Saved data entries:
********************
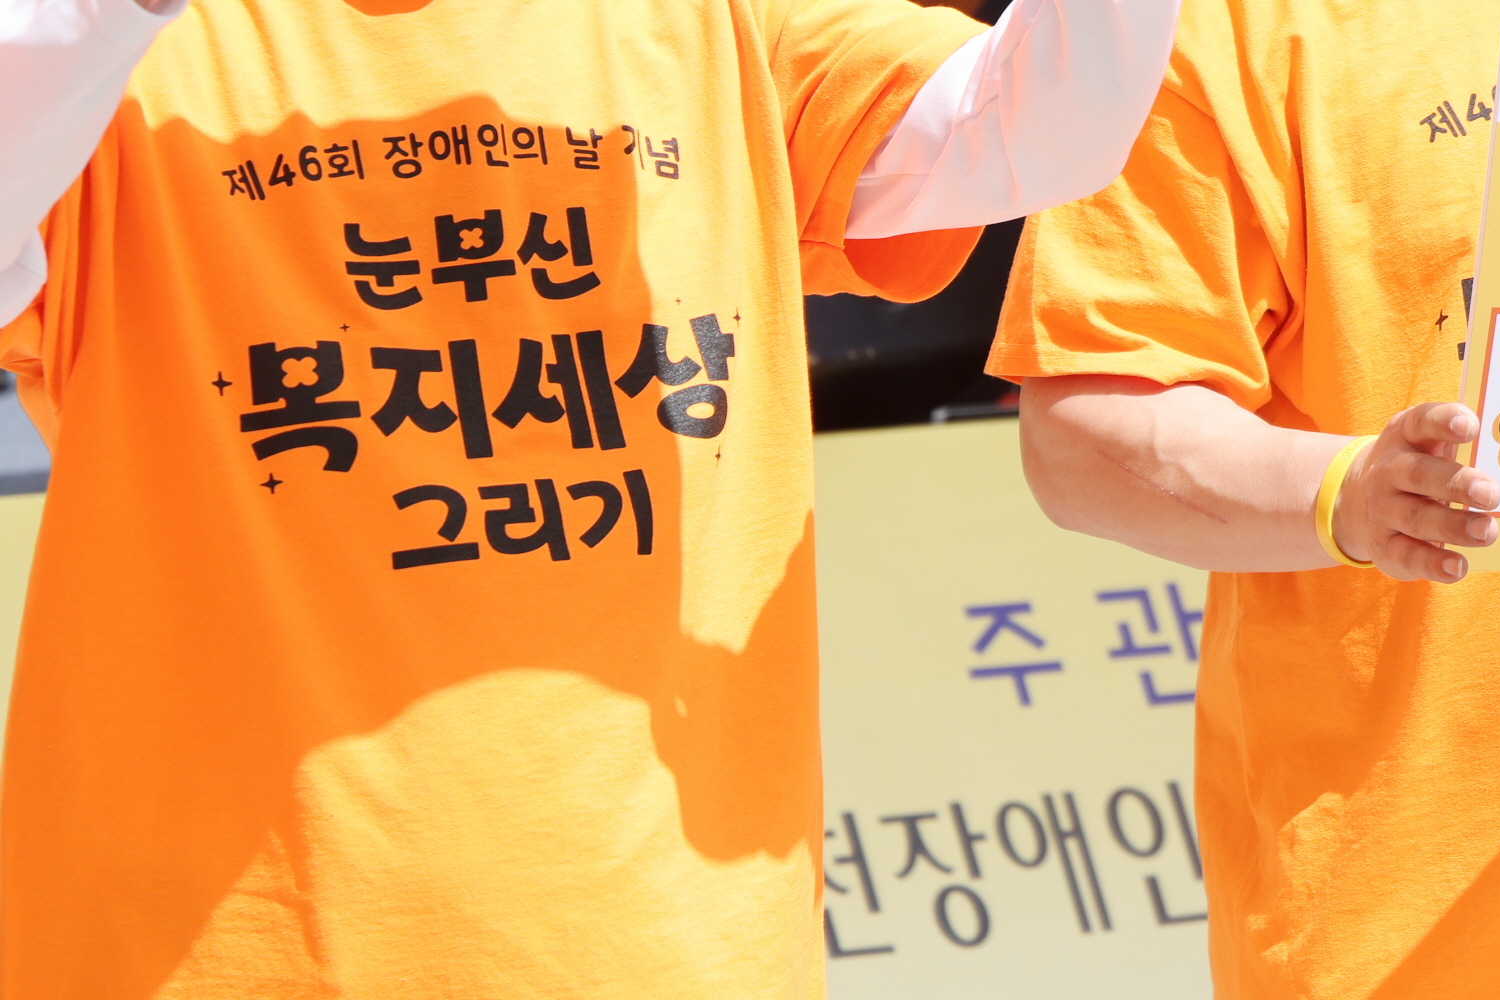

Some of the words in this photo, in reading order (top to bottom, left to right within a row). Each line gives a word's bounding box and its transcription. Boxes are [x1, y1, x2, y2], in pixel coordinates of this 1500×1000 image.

[221, 138, 366, 201] 제46회
[382, 122, 549, 180] 장애인의
[564, 126, 603, 171] 날
[620, 123, 681, 180] 기념
[1419, 84, 1497, 144] 제4
[342, 206, 602, 311] 눈부신
[239, 313, 736, 474] 복지세상
[391, 468, 654, 571] 그리기
********************
Send back every record exactly as it stands, except the pictures.

▶ [TASK ANSWER]:
Some of the words in this photo, in reading order (top to bottom, left to right within a row). Each line gives a word's bounding box and its transcription. Boxes are [x1, y1, x2, y2], in pixel coordinates of this 1500×1000 image.

[221, 138, 366, 201] 제46회
[382, 122, 549, 180] 장애인의
[564, 126, 603, 171] 날
[620, 123, 681, 180] 기념
[1419, 84, 1497, 144] 제4
[342, 206, 602, 311] 눈부신
[239, 313, 736, 474] 복지세상
[391, 468, 654, 571] 그리기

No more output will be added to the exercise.